Zahlreiche Bürger in Gablenberg lauschten dem Fachmann für Städtebau, Wolfgang Schwinge. Foto: Fatma Tetik

Der Stadtplaner Wolfgang Schwinge hat auf dem blauen Sofa des Vereins „Unsere Schlösslestraße“ ein düsteres Bild für die Zukunft Gablenbergs gezeichnet. Der viele Autoverkehr ist nur ein Grund dafür.

S-Ost - Mit der Veranstaltungsreihe „Blaues Sofa“ lädt der Verein Unsere Schlößlestraße seit Mitte September Anwohner zu Diskussionen, Austausch und Begegnung ein. Gefördert wird das Projekt mit Mitteln aus dem Verfügungsfonds der Sozialen Stadt Gablenberg. Vergangenen Donnerstag machte das Sofa Halt an der Klingenstraße/Ecke Libanonstraße. Rund 30 Bürger waren gekommen, um den Ausführungen des freien Stadtplaners und Architekten Wolfgang Schwinge zum Thema „Was wird aus unserem Stadtteil“ zu lauschen. Dies war angesichts des hohen Durchgangsverkehrs gar nicht so einfach.
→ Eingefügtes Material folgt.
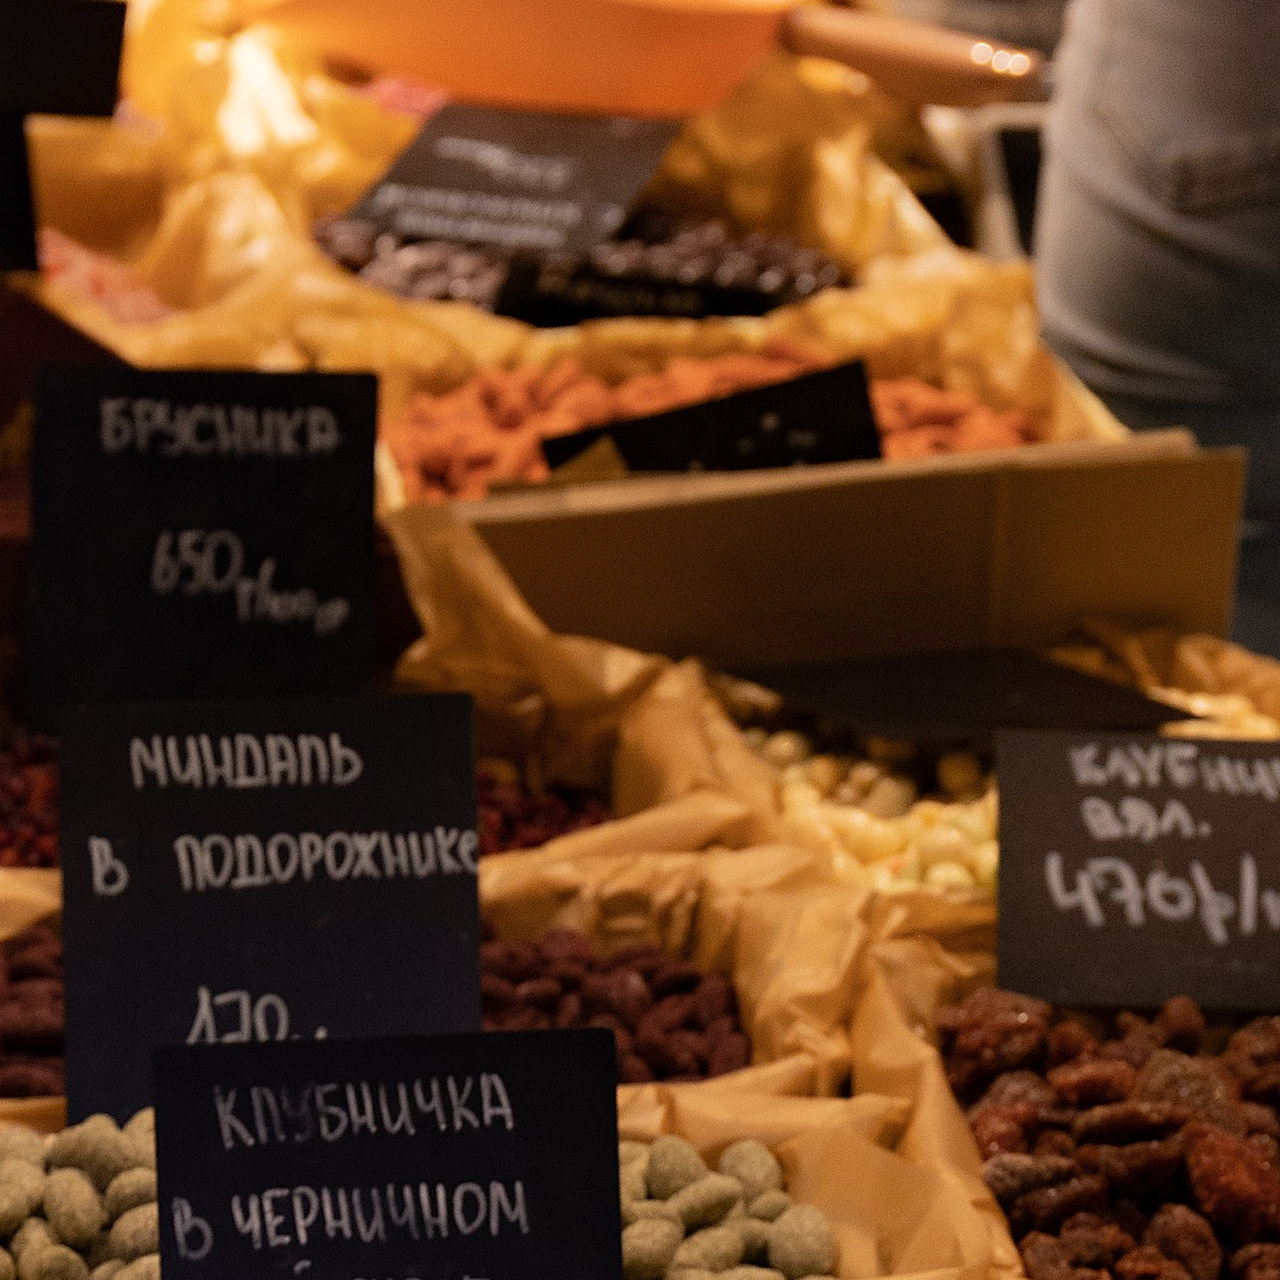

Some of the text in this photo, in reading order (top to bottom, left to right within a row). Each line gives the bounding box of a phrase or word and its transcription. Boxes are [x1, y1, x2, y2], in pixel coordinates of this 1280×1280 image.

[100, 398, 340, 454] БРУСНИКА
[131, 733, 362, 787] МИНДАЛЬ
[89, 837, 128, 894] В
[216, 1073, 514, 1149] КЛУБНИЧКА
[173, 1181, 528, 1259] В ЧЕРНИЧНОМ
Doppelt so viele Autos wie Stellplätze

Damit war man auch schon mitten im Thema. „Wenn wir mit dem Heiligs Blechle so weitermachen, dann werden wir bald in Blech ersaufen“, konstatierte Schwinge in Anbetracht der Verkehrssituation. Man müsse die Anzahl der Autos reduzieren, wenn man mehr Aufenthaltsqualität für das Gebiet einfordere. Zwar fordere jeder weniger Verkehr in seiner Straße, die wenigsten würden jedoch selbst auf das Kraftfahrzeug verzichten wollen. In dem Wohngebiet gibt es laut Ken Kinoya, der durch den Abend führte, doppelt so viele Autos wie vorhandene Stellplätze. Neue Parkplätze oder der Bau von Tiefgaragen könnten das Problem deshalb nicht lösen, sagte Wolfgang Schwinge.
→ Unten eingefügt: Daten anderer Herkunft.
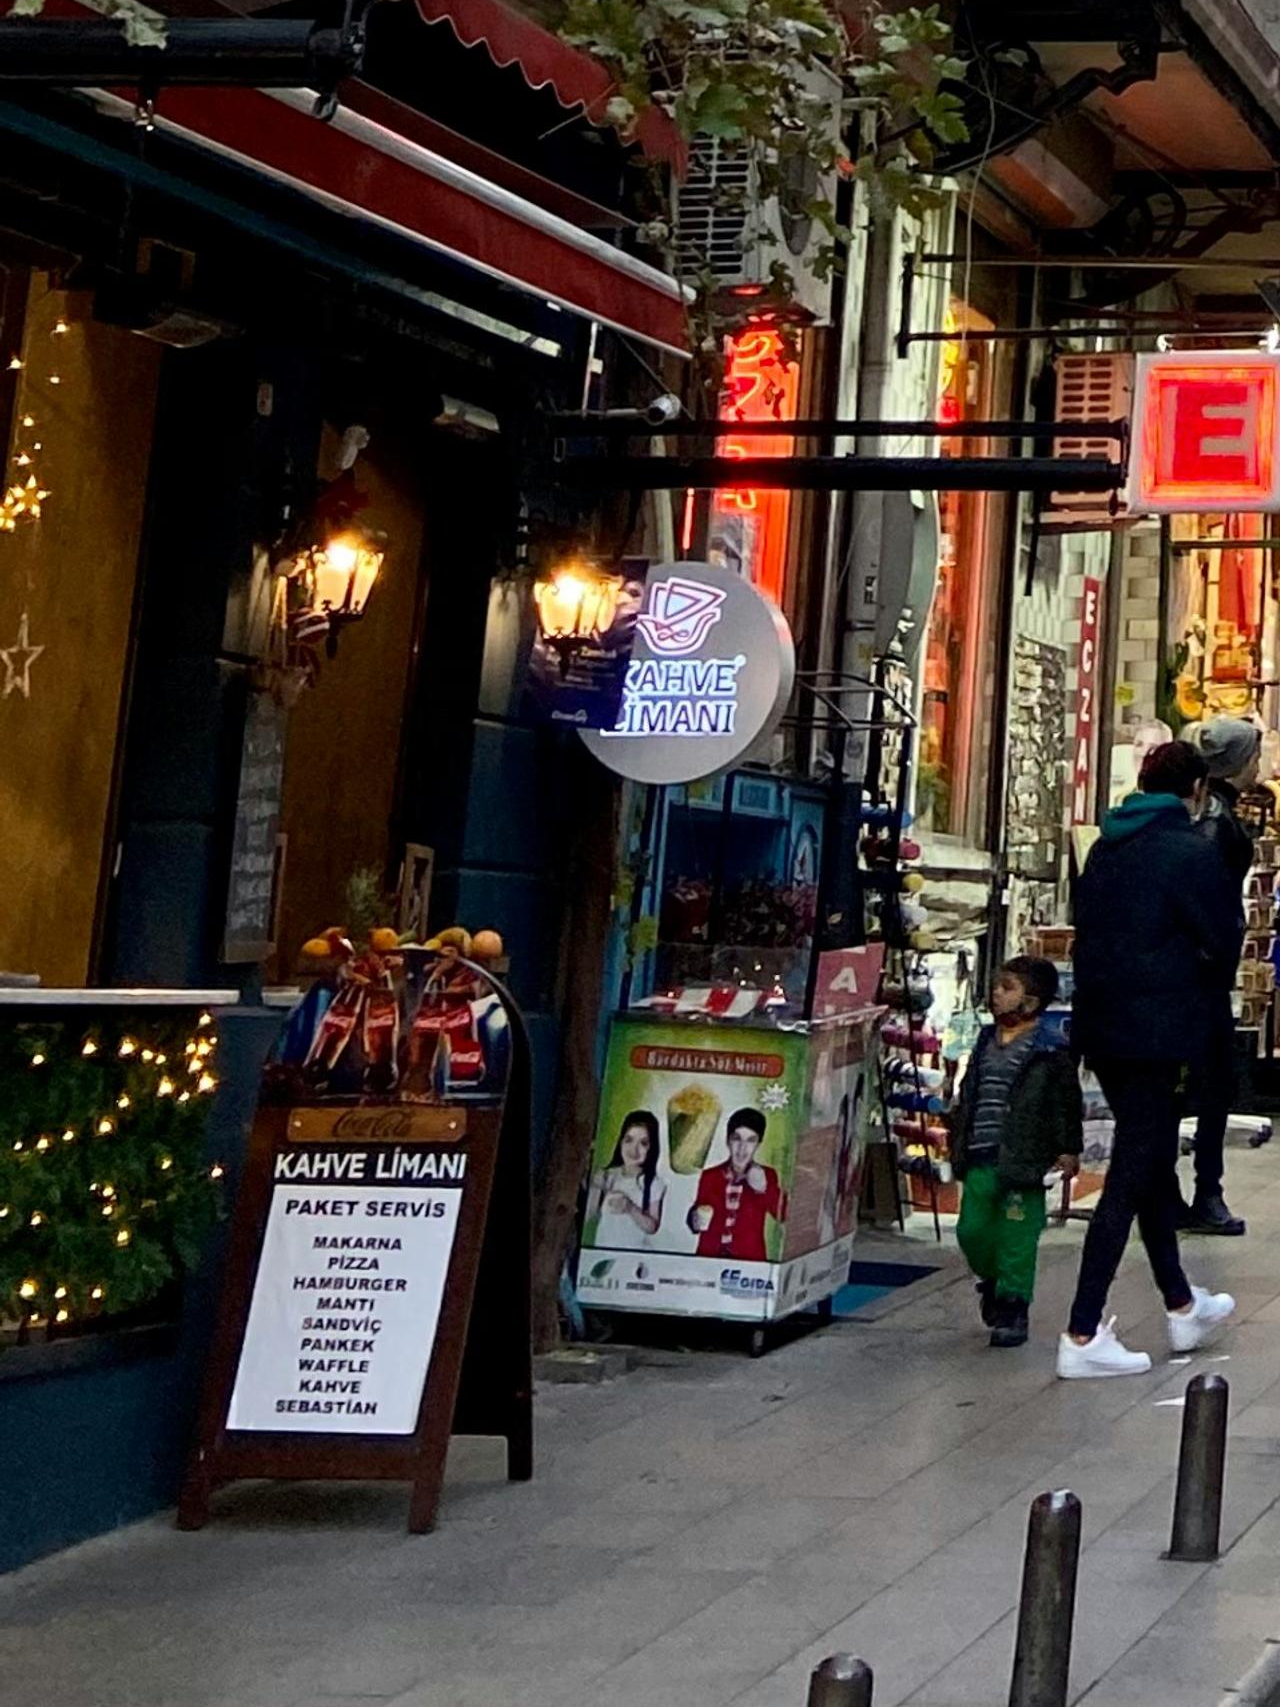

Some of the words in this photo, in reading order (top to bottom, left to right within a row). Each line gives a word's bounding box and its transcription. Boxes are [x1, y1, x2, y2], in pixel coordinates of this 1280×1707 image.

[1172, 382, 1249, 481] E
[600, 697, 737, 736] İMANI
[273, 1153, 368, 1179] KAHVE
[374, 1146, 468, 1180] LİMANI
[284, 1199, 359, 1217] PAKET
[364, 1198, 447, 1219] SERVİS
[312, 1236, 402, 1251] MAKARNA
[327, 1255, 380, 1271] PİZZA
[292, 1276, 408, 1292] HAMBURGER
[316, 1297, 376, 1312] MANTI
[301, 1316, 383, 1336] SANDVİÇ
[300, 1338, 376, 1353] PANKEK
[298, 1358, 370, 1374] WAFFLE
[298, 1379, 362, 1395] KAHVE
[274, 1399, 378, 1415] SEBASTİAN
Erste Schritte zur Verbesserung könnten die Einführung des Parkraummanagements, die Nutzung von Carsharing-Angeboten oder der Umstieg auf öffentliche Verkehrsmittel und das Fahrrad sein. Auf lange Sicht könne sich an der Verkehrs- wie auch Parkplatzproblematik im Stadtteil nur etwas ändern, wenn eine neue Mobilitätskultur entsteht. „Diese Generation wird das nicht mehr schaffen“, urteilte der Professor für Städtebau. Umso mehr gelte es, die folgende Generation dafür zu sensibilisieren.

Man muss mehr für den Einzelhandel tun

Ein weiteres Thema, das die Besucher beschäftigte, war die Aufwertung der Gablenberger Hauptstraße. Die Bürger wünschen sich breitere Gehwege, eine Geschwindigkeitsdrosselung an der vielbefahrenen Straße und die Sicherung der Nahversorgung, insbesondere für ältere Mitbürger, die nicht mehr gut zu Fuß sind. Viele Händler mussten in der Vergangenheit ihr Geschäft aufgrund hoher Mietpreise oder dem Wegbleiben der Kundschaft aufgeben. Entsprechend hoch ist der Leerstand, hauptsächlich im oberen Bereich der Hauptstraße. Schwinge prophezeite: „Die Aufwertung allein wird die Einkaufsmeile nicht retten können. Der Internethandel wird dem Handel vor Ort das Genick brechen und die großen Malls in der Innenstadt werden ihr Übriges leisten.“ Diesem Trend müsse man entgegenwirken.

Die Lange-Ost-Nacht als „jährliche Alibiveranstaltung des HGV“ reiche bei Weitem nicht aus. Es müssten mehr Initiativen gegründet werden, um die Händler zu unterstützen. Der Mix an Geschäften müsse zudem innovativer und vielfältiger werden. Dazu müssten freilich die Mietpreise gesenkt werden. Der Stadtteil brauche ein Alleinstellungsmerkmal, um künftig mehr junge Menschen und Familien anzulocken. „Die Bevölkerung in Gablenberg ergraut nicht nur, sondern vereinsamt auch“, so der Referent auf dem blauen Sofa. Zwei Drittel aller Wohnungen im Bezirk seien Ein-Personen-Haushalte – bewohnt von älteren Menschen oder Singles. Zur Belebung eines Stadtteils gehöre deshalb auch der Zuzug von jungen Familien, für die der Professor warb. „Sehen Sie nicht in jedem Bauvorhaben gleich ein Problem, sondern eine Chance für Ihren Stadtteil.“ Die Ideen aus der Podiumsdiskussionen sollen nun gebündelt werden und in die Planungen des Sanierungsgebiets einfließen.